### Exercise:
Output the records precisely as they stand. Pictures are to be skipped.

### Provided records:
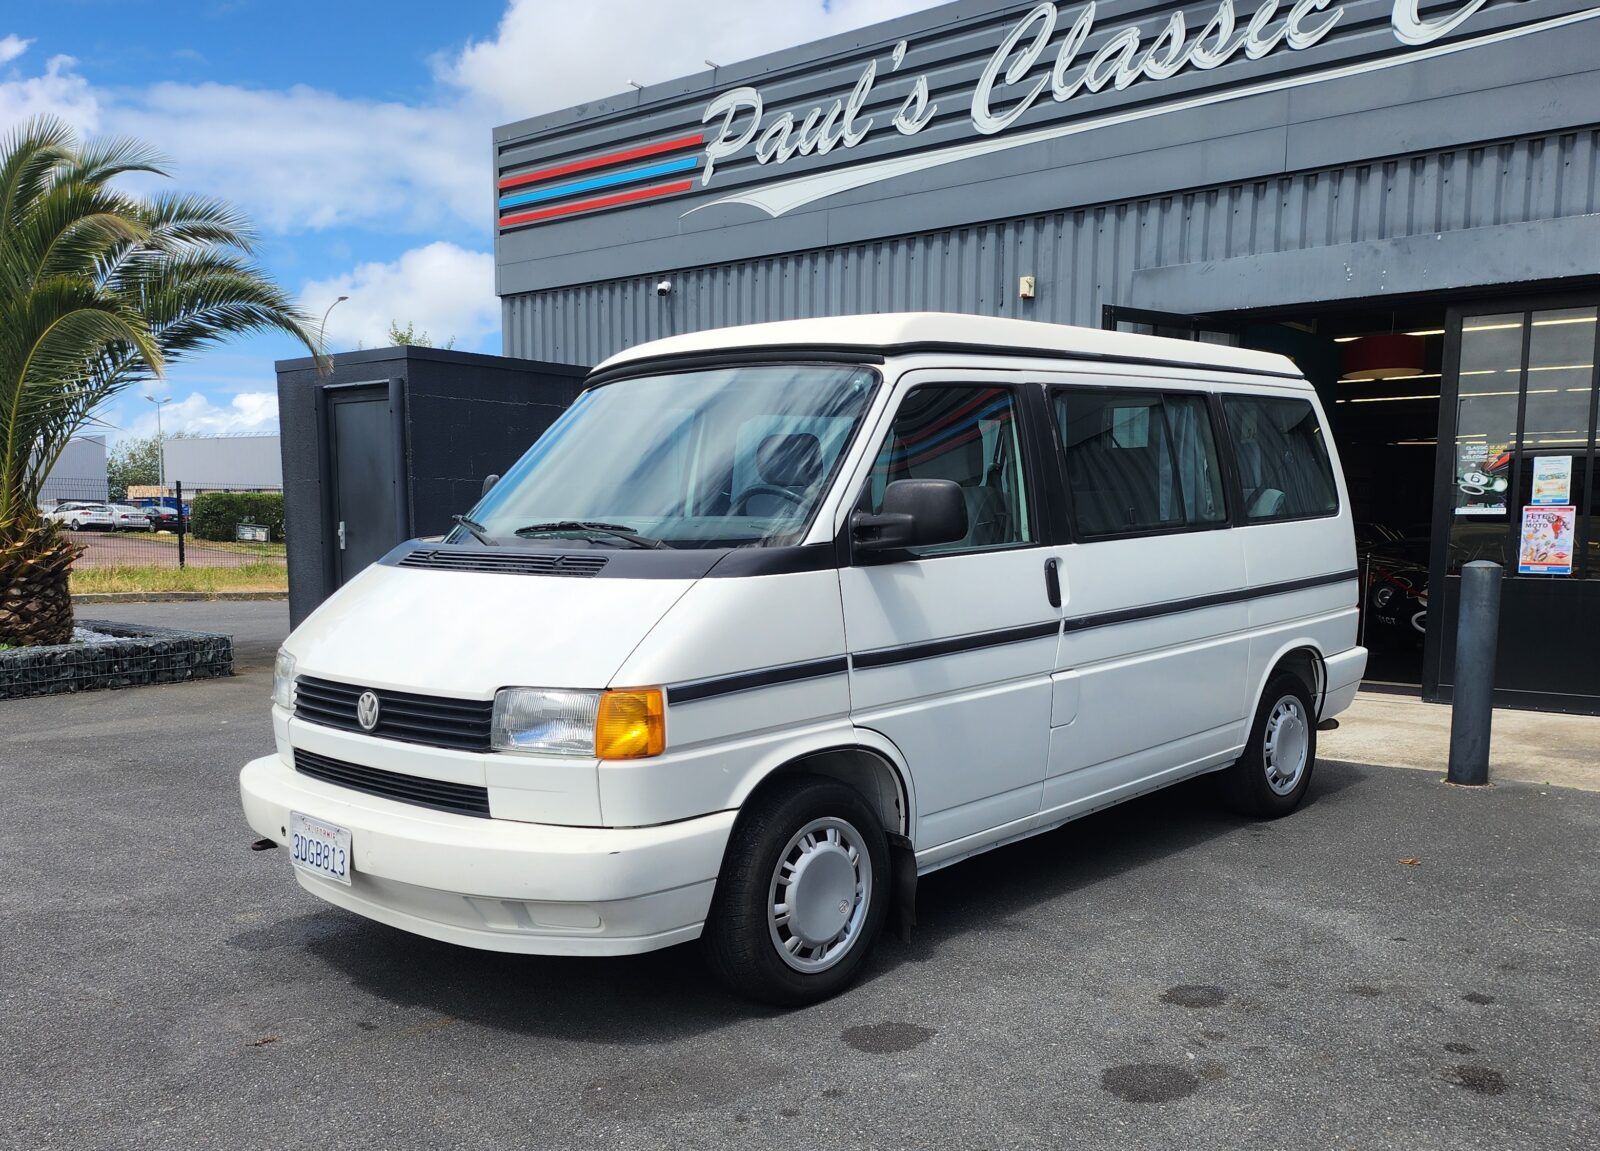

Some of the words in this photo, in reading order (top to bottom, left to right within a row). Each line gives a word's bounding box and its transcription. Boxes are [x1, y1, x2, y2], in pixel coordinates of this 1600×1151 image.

[702, 40, 938, 187] Paul's
[971, 0, 1344, 134] Classic
[293, 833, 346, 876] 3DGB813
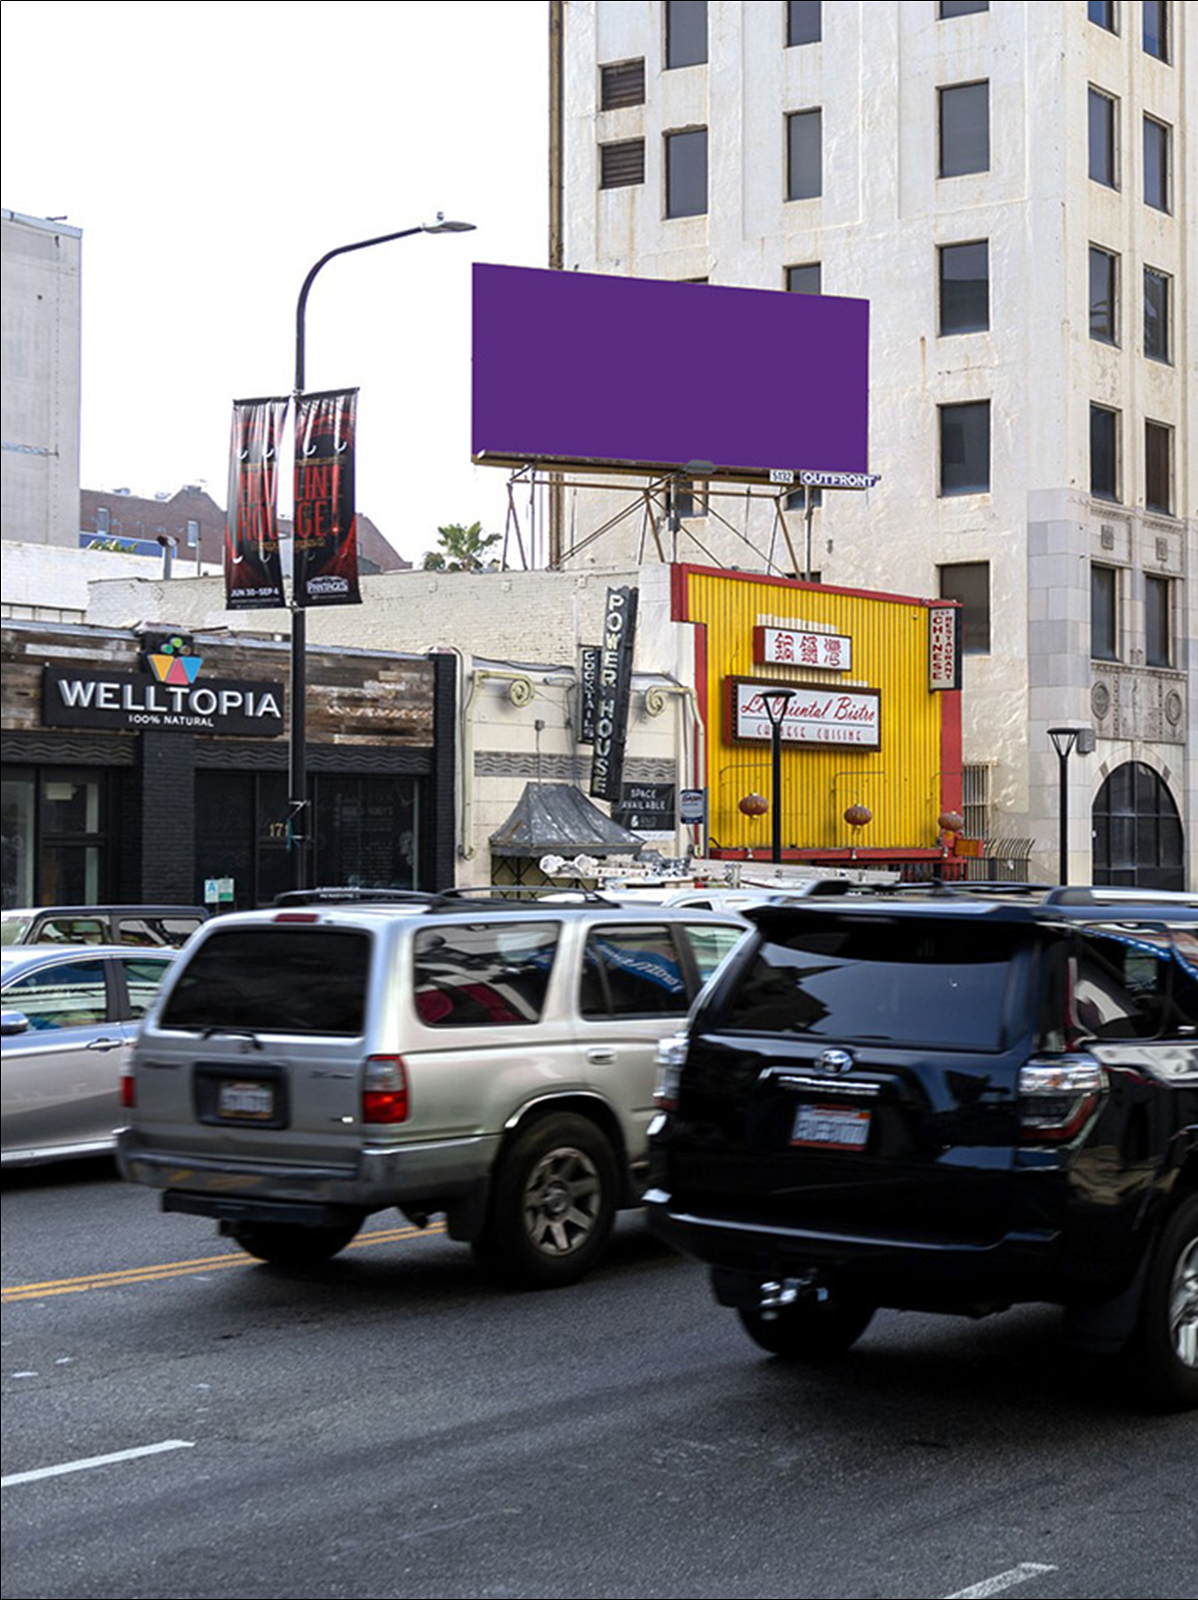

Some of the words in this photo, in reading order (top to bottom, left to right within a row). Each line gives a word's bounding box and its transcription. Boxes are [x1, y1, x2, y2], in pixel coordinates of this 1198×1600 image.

[601, 594, 625, 688] POWER
[932, 616, 943, 680] CHINESE
[57, 679, 282, 719] WELLTOPIA
[740, 694, 764, 714] Le
[834, 696, 876, 721] Bistro
[128, 714, 161, 725] 100%
[163, 715, 215, 728] NATURAL
[757, 724, 806, 738] CHESE
[817, 728, 862, 742] CUISINE
[593, 699, 615, 794] HOUSE
[621, 801, 666, 810] AVAILABLE
[630, 788, 657, 799] SPACE

### Result for this task:
Some of the words in this photo, in reading order (top to bottom, left to right within a row). Each line gives a word's bounding box and its transcription. Boxes are [x1, y1, x2, y2], in pixel coordinates of this 1600×1151 image.

[702, 40, 938, 187] Paul's
[971, 0, 1344, 134] Classic
[293, 833, 346, 876] 3DGB813

Some of the words in this photo, in reading order (top to bottom, left to right within a row). Each line gives a word's bounding box and its transcription. Boxes are [x1, y1, x2, y2], in pixel coordinates of this 1198×1600 image.

[601, 594, 625, 688] POWER
[932, 616, 943, 680] CHINESE
[57, 679, 282, 719] WELLTOPIA
[740, 694, 764, 714] Le
[834, 696, 876, 721] Bistro
[128, 714, 161, 725] 100%
[163, 715, 215, 728] NATURAL
[757, 724, 806, 738] CHESE
[817, 728, 862, 742] CUISINE
[593, 699, 615, 794] HOUSE
[621, 801, 666, 810] AVAILABLE
[630, 788, 657, 799] SPACE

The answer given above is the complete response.